Exercise nutrition - General exercise & Isotonic drinks

General exercises refers to people who participate in lower intensity training, this is where glycogen is possibly lost and greater amounts of fat will be used. There are also guidelines regarding general exercise. These are to aim to stay within the energy balance, not mixing high carbs with high fat though try to provide energy that can be metabolised, smaller portions and also having meals often favour the oxidation of the nutrients, the micronutrients should be high, aim to create an energy deficit of 250 calories if trying to lose body fat, also fulfil carbohydrate needs (moderate/low GI foods), EFA's should be eaten in balance, must include adequate protein and also fibre should be high.

Isotonic drinks replace the fluid and provision of fuel which comes in the form of carbohydrates. This can help to maintain reasonable hydration and provide a faster rate of absorption.

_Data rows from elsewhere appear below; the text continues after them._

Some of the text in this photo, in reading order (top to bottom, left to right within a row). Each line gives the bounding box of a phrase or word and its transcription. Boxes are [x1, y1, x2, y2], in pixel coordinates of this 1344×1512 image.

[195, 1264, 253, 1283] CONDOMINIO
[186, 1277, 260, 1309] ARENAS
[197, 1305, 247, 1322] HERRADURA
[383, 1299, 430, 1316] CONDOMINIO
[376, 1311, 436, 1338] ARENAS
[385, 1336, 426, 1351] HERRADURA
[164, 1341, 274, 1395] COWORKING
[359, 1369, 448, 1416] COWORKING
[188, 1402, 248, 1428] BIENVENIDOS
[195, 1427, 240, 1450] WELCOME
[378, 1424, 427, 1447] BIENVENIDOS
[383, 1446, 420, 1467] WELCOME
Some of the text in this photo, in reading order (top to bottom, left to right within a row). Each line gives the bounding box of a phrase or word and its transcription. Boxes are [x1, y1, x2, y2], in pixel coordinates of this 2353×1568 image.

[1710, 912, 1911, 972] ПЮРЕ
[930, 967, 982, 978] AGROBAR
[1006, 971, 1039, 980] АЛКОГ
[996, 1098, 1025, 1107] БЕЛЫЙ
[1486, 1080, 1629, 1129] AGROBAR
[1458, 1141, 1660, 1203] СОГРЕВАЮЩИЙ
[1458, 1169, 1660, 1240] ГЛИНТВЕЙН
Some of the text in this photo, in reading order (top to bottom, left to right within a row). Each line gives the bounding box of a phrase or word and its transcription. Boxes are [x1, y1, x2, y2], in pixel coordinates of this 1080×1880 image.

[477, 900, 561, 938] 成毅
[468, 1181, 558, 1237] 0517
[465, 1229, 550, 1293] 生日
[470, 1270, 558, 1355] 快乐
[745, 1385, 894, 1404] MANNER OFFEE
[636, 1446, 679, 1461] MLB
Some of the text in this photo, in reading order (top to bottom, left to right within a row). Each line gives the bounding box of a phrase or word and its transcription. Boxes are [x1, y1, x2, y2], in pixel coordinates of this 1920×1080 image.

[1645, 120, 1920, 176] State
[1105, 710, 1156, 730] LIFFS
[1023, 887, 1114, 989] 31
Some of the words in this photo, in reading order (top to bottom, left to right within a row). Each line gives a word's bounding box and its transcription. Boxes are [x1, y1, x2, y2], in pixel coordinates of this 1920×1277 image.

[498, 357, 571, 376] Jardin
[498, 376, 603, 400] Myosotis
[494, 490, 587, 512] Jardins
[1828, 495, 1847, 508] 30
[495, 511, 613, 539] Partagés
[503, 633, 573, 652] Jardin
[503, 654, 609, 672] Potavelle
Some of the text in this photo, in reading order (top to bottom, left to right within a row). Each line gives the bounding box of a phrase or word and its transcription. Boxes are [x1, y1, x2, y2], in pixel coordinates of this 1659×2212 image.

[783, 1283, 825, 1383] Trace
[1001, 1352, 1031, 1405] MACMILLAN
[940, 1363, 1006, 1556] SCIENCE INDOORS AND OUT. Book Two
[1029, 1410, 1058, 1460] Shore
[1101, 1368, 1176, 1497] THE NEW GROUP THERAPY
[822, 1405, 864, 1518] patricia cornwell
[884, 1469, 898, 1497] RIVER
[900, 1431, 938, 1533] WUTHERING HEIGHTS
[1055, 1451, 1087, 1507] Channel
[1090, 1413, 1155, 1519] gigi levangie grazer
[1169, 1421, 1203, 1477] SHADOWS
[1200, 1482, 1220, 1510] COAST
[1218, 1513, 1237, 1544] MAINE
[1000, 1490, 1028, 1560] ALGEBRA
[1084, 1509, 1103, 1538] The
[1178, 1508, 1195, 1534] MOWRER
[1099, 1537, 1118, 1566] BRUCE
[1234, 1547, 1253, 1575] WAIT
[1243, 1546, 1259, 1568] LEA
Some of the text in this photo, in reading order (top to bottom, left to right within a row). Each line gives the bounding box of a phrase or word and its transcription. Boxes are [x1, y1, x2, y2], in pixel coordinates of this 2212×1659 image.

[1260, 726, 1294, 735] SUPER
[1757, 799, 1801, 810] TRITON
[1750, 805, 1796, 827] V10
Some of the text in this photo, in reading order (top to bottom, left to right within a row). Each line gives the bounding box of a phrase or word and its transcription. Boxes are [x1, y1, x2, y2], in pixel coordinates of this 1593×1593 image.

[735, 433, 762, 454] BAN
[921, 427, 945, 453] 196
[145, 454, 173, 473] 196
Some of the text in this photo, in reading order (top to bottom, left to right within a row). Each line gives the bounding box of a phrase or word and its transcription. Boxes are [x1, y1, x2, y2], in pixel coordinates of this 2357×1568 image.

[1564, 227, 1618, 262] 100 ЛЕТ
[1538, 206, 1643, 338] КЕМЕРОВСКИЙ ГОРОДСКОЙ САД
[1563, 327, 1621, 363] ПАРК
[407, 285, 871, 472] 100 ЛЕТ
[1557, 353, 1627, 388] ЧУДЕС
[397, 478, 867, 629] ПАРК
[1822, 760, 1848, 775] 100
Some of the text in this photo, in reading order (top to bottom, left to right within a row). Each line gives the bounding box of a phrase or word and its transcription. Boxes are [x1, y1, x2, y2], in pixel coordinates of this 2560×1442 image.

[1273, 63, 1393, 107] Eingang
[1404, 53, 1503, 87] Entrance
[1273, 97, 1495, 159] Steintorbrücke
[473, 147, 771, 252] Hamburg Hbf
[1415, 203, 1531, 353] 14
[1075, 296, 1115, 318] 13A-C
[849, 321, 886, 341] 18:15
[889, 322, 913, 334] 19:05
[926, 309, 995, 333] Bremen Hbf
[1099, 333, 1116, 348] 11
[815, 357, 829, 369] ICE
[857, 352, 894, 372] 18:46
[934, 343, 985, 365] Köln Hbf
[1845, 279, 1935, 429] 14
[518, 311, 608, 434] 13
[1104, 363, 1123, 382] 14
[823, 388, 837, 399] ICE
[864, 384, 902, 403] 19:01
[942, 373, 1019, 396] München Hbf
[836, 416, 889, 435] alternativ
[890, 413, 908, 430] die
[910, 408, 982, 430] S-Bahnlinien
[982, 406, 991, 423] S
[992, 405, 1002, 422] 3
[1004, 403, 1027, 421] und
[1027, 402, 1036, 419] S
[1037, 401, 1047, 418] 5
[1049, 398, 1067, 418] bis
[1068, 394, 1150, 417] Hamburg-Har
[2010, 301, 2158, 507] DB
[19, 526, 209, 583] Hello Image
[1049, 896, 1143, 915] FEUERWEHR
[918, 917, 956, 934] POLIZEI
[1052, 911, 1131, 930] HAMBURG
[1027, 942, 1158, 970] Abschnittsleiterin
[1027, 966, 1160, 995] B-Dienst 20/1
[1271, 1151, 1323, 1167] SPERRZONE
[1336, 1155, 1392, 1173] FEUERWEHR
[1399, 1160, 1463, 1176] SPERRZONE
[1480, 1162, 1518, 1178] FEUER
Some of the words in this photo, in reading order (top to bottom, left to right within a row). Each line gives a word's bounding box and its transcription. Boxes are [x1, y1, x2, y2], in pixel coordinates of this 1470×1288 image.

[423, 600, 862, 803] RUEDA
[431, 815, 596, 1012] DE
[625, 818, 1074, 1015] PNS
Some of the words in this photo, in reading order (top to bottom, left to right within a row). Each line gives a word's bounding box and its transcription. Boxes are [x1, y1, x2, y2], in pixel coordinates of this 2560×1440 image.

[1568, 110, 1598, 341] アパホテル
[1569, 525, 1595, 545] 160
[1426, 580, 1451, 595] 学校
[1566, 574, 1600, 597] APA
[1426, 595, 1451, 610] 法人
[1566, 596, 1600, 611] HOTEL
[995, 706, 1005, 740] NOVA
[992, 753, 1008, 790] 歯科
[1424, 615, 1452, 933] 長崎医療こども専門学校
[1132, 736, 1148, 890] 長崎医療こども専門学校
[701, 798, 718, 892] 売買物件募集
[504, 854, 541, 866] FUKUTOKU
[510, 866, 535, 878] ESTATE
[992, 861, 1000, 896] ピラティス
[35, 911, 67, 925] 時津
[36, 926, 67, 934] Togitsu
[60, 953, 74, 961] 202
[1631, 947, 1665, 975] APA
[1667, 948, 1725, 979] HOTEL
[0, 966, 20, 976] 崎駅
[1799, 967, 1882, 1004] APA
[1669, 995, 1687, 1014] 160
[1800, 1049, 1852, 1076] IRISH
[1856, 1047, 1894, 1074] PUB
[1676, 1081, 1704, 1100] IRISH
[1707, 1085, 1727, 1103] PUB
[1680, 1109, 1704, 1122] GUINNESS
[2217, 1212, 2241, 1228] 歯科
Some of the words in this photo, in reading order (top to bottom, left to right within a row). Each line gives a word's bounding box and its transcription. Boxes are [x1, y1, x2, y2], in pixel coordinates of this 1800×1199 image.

They have electrolytes/salts lost through increased sweating during exertion which are all necessary. However, isotonic drinks sometimes have artificial sweeteners added to them. It can also be recommended to create your own sports drinks which you would do by: dissolving 60g of glucose into 1 litre of water and then adding a fifth of a teaspoon of unprocessed natural salt. You can also mix 500ml of water with 500ml of fruit juice (unsweetened) and then adding a fifth of a teaspoon of unprocessed salt which is natural.


Exercise nutrition - Fueling aerobic & anaerobic sport

Different exercise routines need different nutritional recommendations such as aerobic training needs fuel which can be provided by carbs, fat and also protein. A larger amount of fat will be used for energy whilst working at lower intensities. Carbohydrates will be used as fuel more when the intensity of the exercises intensify.

The use of combined food as well as sports drinks/water/protein shakes, sole reliance on protein shakes or sports drinks or even the use of food alone will require much needed knowledge for the serious exerciser.

The aerobic system is able to use carbs and also fats to fuel activity whilst the lactate (anaerobic) system uses just carbs. We become more anaerobic the higher the intensity of the exercise meaning more carbs are used.

It has been shown that 58% of total work is contributed to through anaerobic work during a cross country run lasting for 5 miles. Also, it has been proven that the aerobic system contributed 40% of energy. This was during a half minute sprint. A 1 minute sprint used 50% energy and a 2 minute sprint used 65% energy. During these tests, it was shown that during the 100m sprint, men used 21% aerobic energy and 79% anaerobic energy and for the 200m sprint 28% aerobic energy was used whilst 72% anaerobic energy was used. In women it was 25% aerobic energy and 75% anaerobic energy in the 100m sprint, also 33% aerobic energy and 69% anaerobic energy was used in the 200m sprint.